> _Stored data entries_:
==========
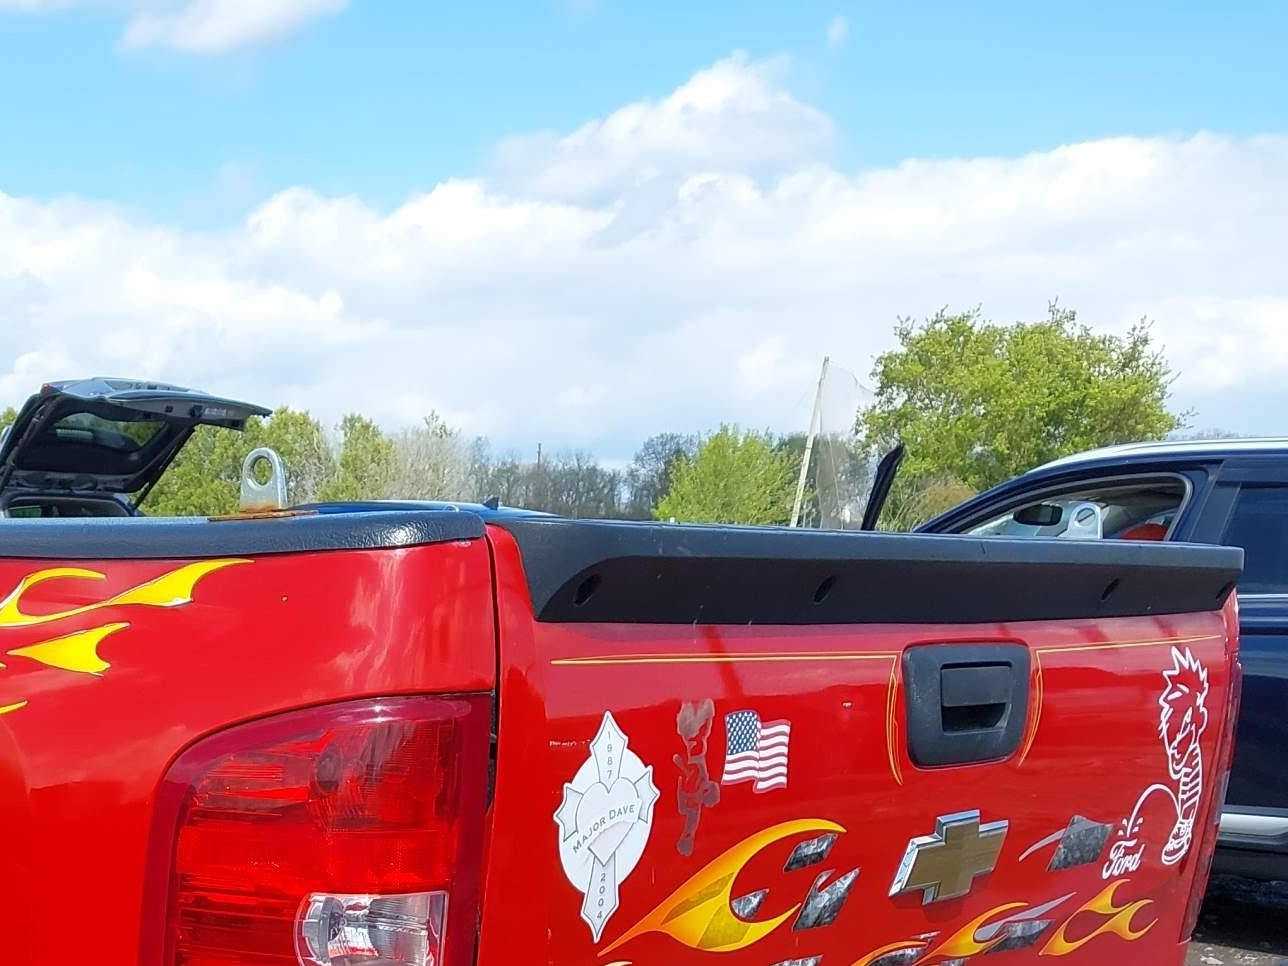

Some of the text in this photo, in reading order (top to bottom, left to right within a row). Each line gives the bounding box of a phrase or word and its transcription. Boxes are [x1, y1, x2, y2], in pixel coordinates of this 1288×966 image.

[572, 804, 636, 854] MAJOR DAVE
[1102, 840, 1145, 880] Ford
[596, 873, 606, 920] 2004
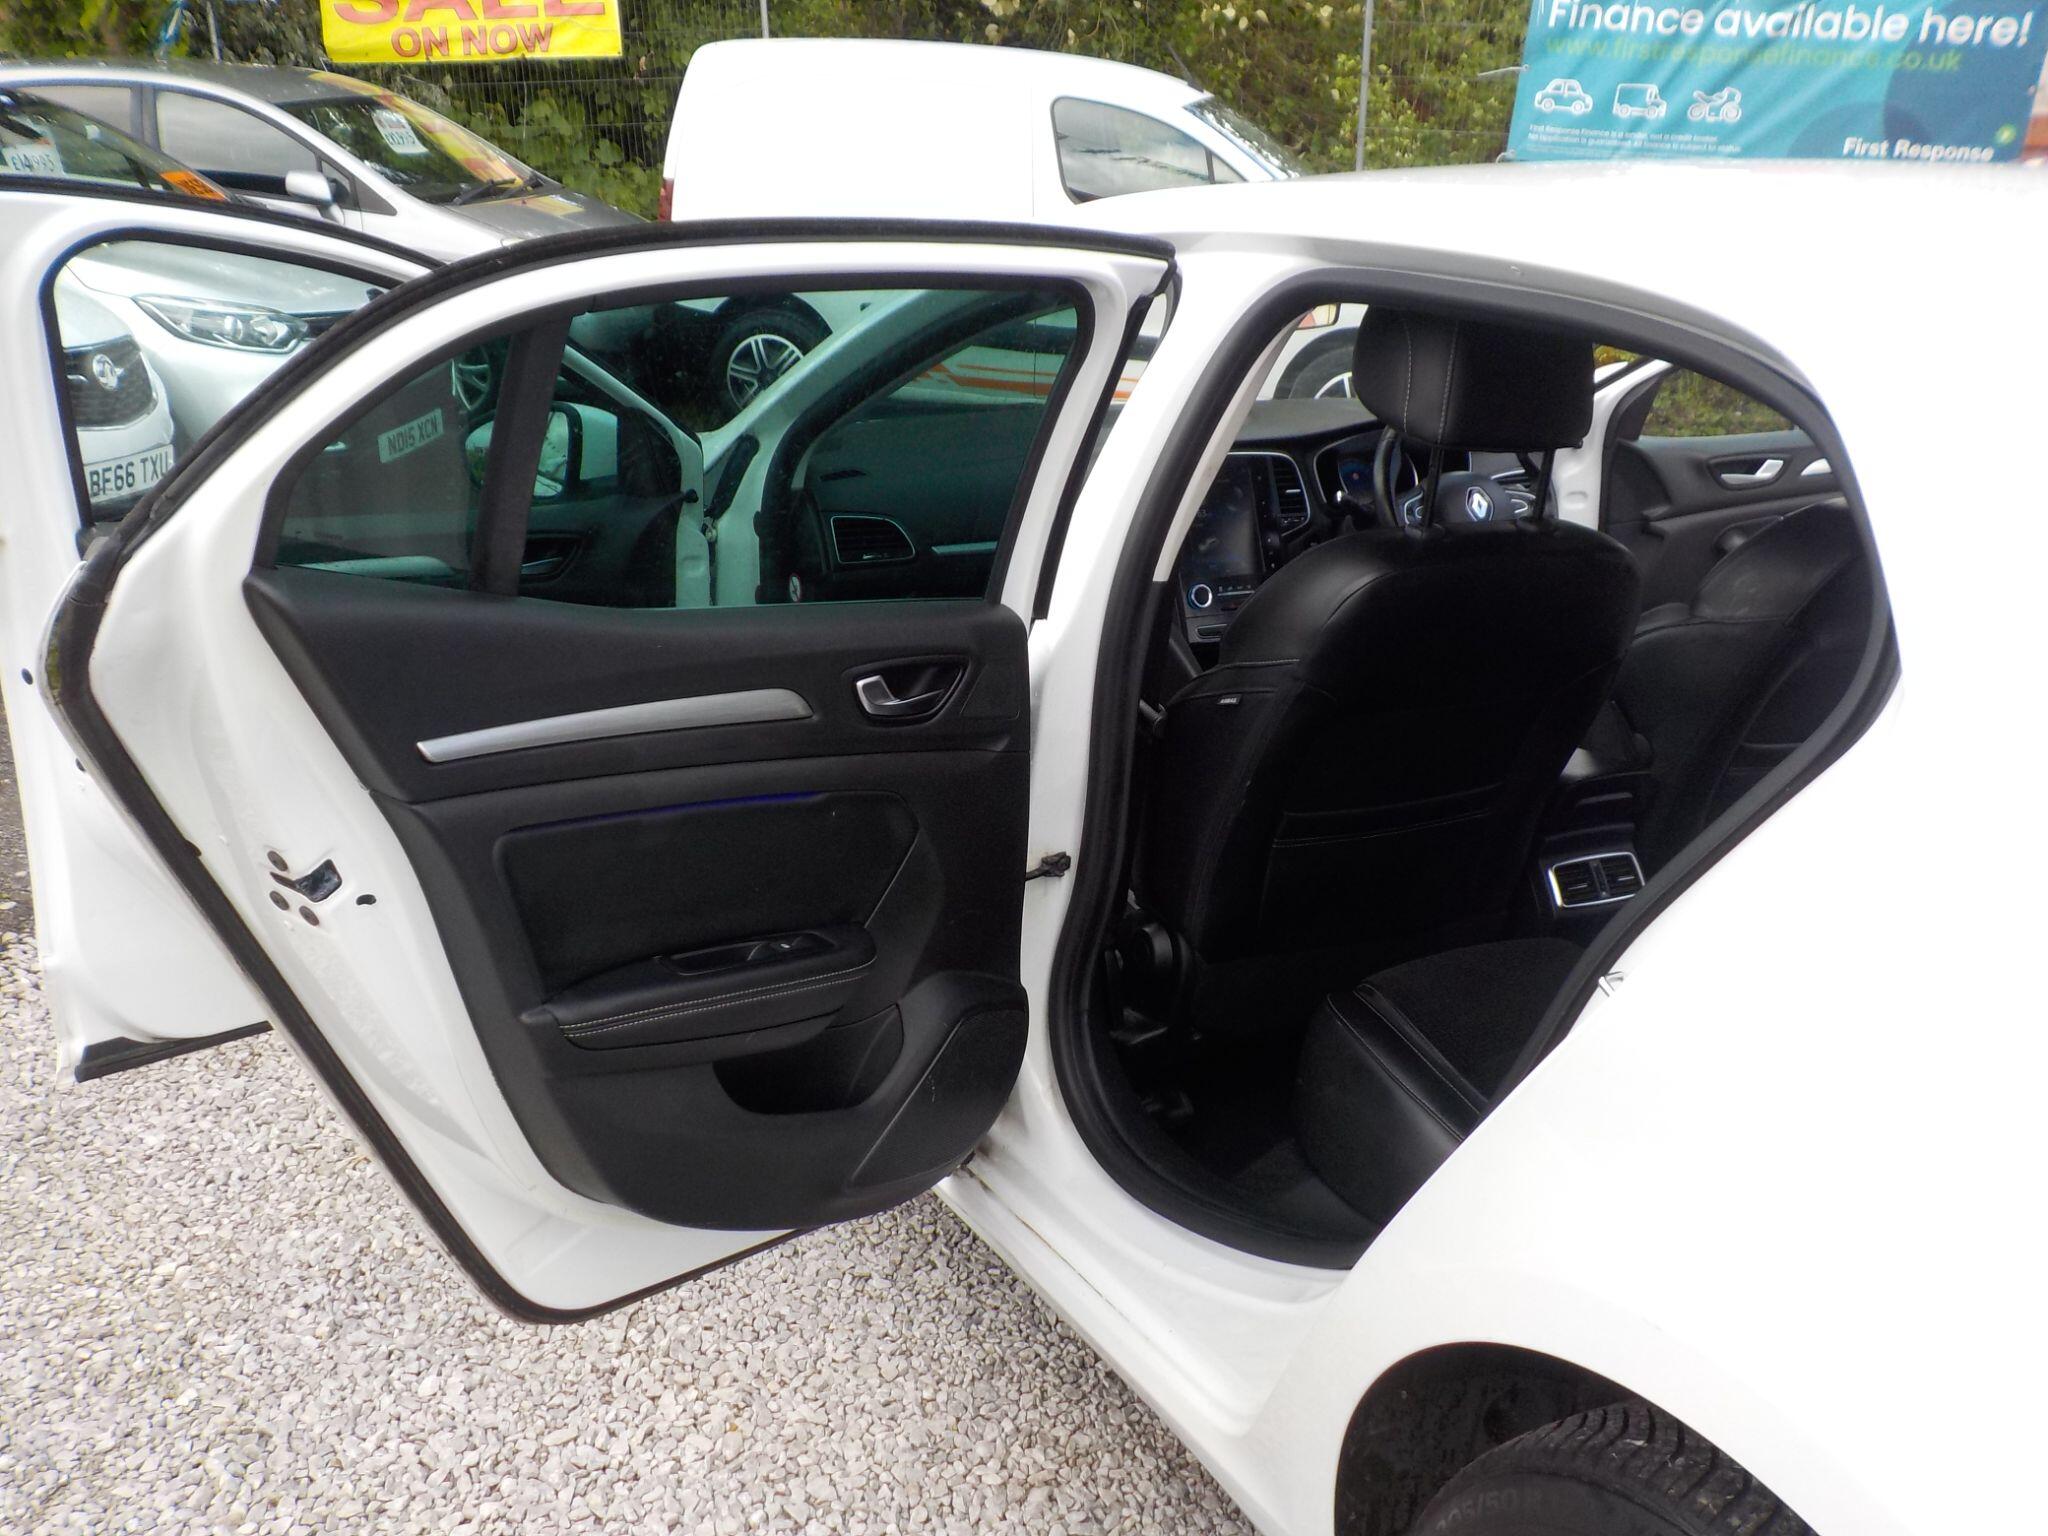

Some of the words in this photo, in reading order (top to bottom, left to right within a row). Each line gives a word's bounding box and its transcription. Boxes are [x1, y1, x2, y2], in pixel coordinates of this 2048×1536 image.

[391, 27, 449, 58] ON
[461, 23, 553, 56] NOW
[1549, 0, 1704, 35] Finance
[1713, 1, 1909, 42] available
[1918, 6, 2033, 47] here!
[1842, 136, 1889, 159] First
[1893, 138, 1994, 163] Response
[416, 413, 438, 443] XCN
[89, 461, 135, 497] BF66
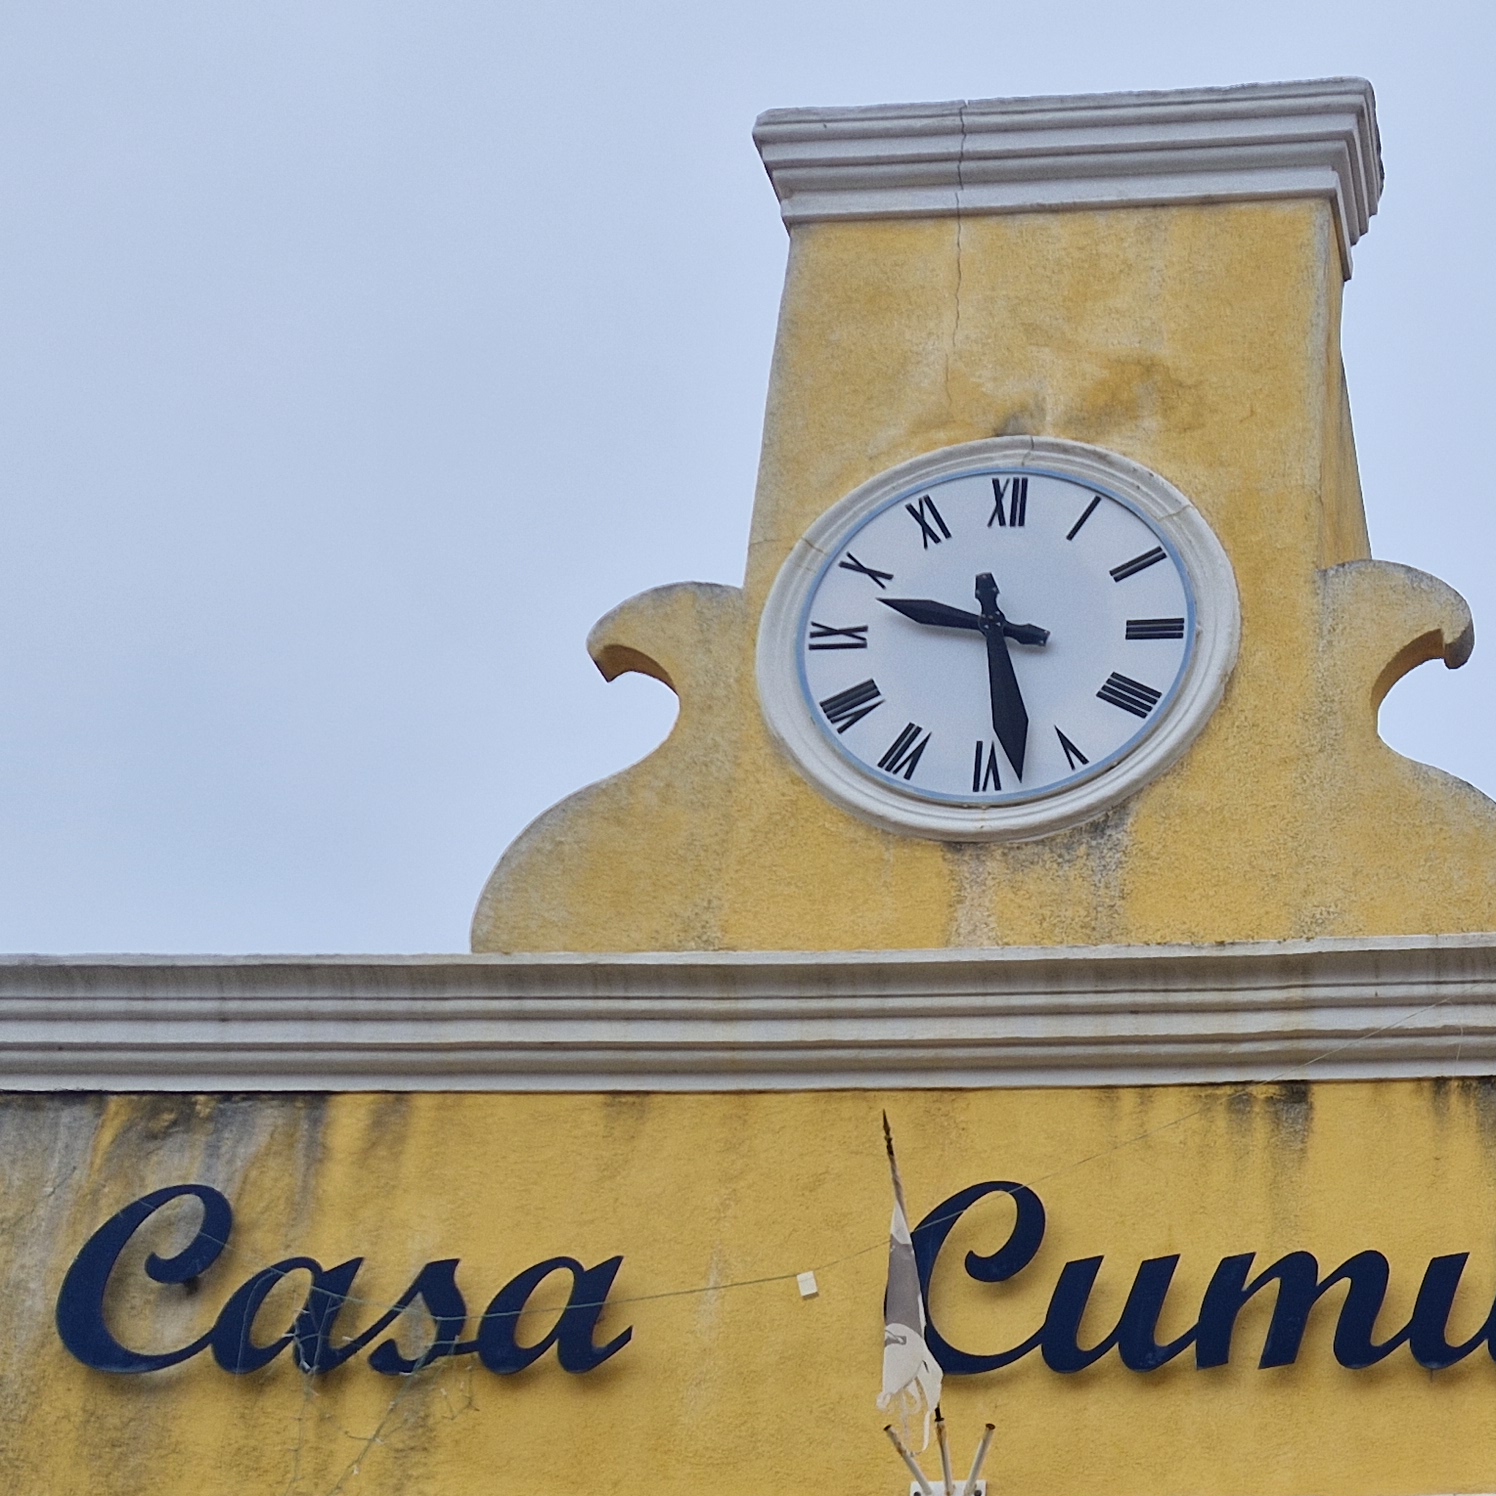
==========
Images stay out, but the rest of the data above must be repeated exactly.

Some of the text in this photo, in reading order (top to bottom, left to right within a row). Each line gives the bounding box of a phrase or word and its transcription. Boxes are [x1, y1, x2, y2], in pixel coordinates of this 1288×966 image.

[572, 804, 636, 854] MAJOR DAVE
[1102, 840, 1145, 880] Ford
[596, 873, 606, 920] 2004

Some of the words in this photo, in reading order (top to bottom, left to right within a row). Each line gives a word's bounding box and its transcription. Boxes are [x1, y1, x2, y2], in pixel coordinates of this 2048×1536 image.

[391, 27, 449, 58] ON
[461, 23, 553, 56] NOW
[1549, 0, 1704, 35] Finance
[1713, 1, 1909, 42] available
[1918, 6, 2033, 47] here!
[1842, 136, 1889, 159] First
[1893, 138, 1994, 163] Response
[416, 413, 438, 443] XCN
[89, 461, 135, 497] BF66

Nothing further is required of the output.